Non a qualche ex livoroso e fuori dal giro, che rischia di esprimere un’opinione, ma a persone legate o addirittura scelte dall’Associazione Italiana Arbitri. Un po’ come dire che devono essere gli scrittori a recensire i libri o i cuochi a giudicare le ricette (In Italia accade esattamente questo, peraltro), in un meccanismo corporativo e para-mafioso che impedisce la libertà di espressione in ogni ambito. Siamo cresciuti osservando in tribuna stampa inviati di grandi quotidiani che si facevano dettare le pagelle dagli uffici stampa delle società e leggendo di Moggi che interveniva per taroccare anche le moviole del Processo di Biscardi con la connivenza di giornalisti da buttare (ma non buttati, hanno solo cambiato canale), quindi prendiamo questa grottesca Cassazione per quello che è: l’ennesimo sedativo del senso critico, anche quando si parla di calcio che già di suo dovrebbe sedare il senso critico. Non solo non usiamo la tecnologia per limitare gli errori sul campo, adesso non la usiamo nemmeno per parlarne. Le gente vuole più tecnica e più tattica, un approccio scientifico al calcio: questo è il mantra del giornalista sportivo che si vergogna del suo mestiere, di solito.
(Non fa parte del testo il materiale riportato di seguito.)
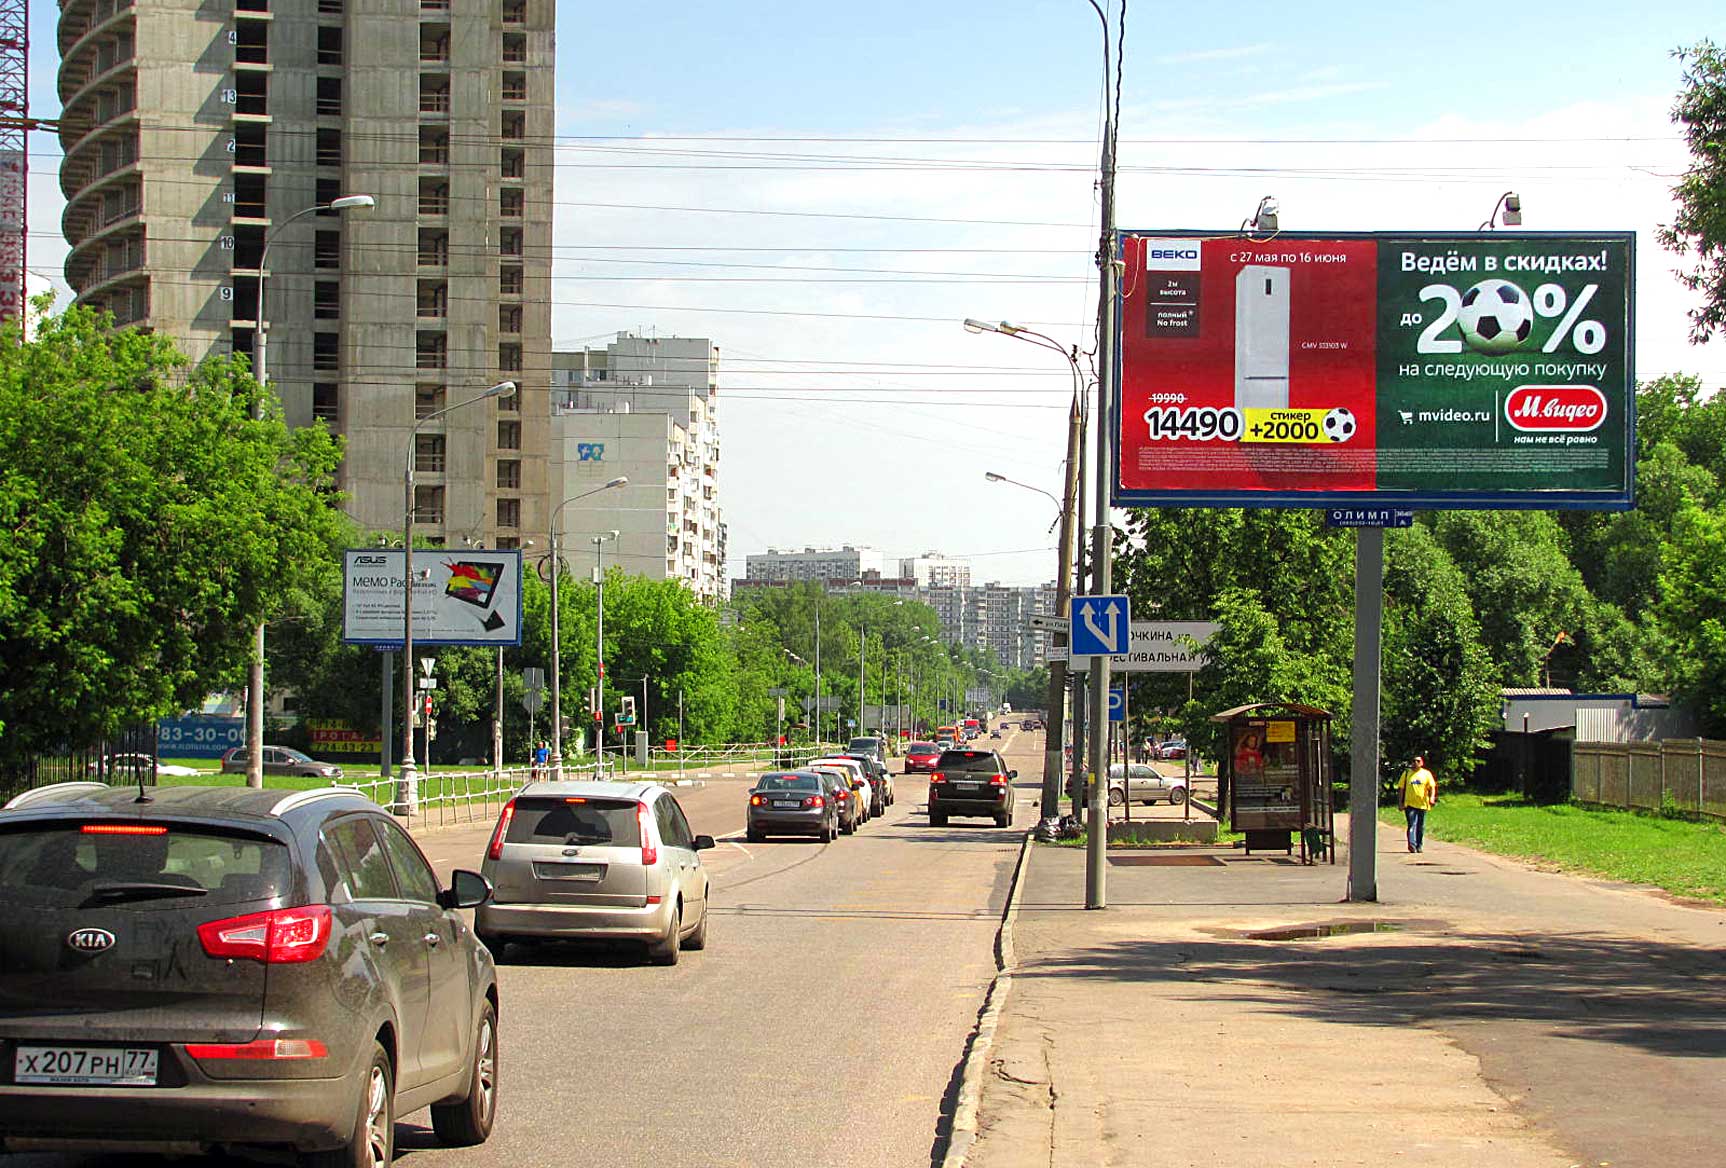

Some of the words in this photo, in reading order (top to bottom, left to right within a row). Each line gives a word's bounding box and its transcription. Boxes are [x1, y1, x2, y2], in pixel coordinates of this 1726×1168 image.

Tutti sanno che la parte più prettamente sportiva del calcio interessa solo agli addetti ai lavori e a qualche illuminato, di solito quando la sua squadra del cuore fa schifo, ma ci raccontiamo meraviglie di questo mondo ideale dove tutti desiderano sapere i metri percorsi da Cambiasso o il numero di palloni toccati da Camoranesi. E’ ormai passato il concetto che discutere di calcio non si possa, perchè tutti sono disonesti. Ma non tutti sono disonesti, anche se ovviamente i delinquenti la pensano in altro modo, e la domenica sera dopo 12 ore di partite di tutto si sente il bisogno tranne che di un professorino che legga la casistica IFAB.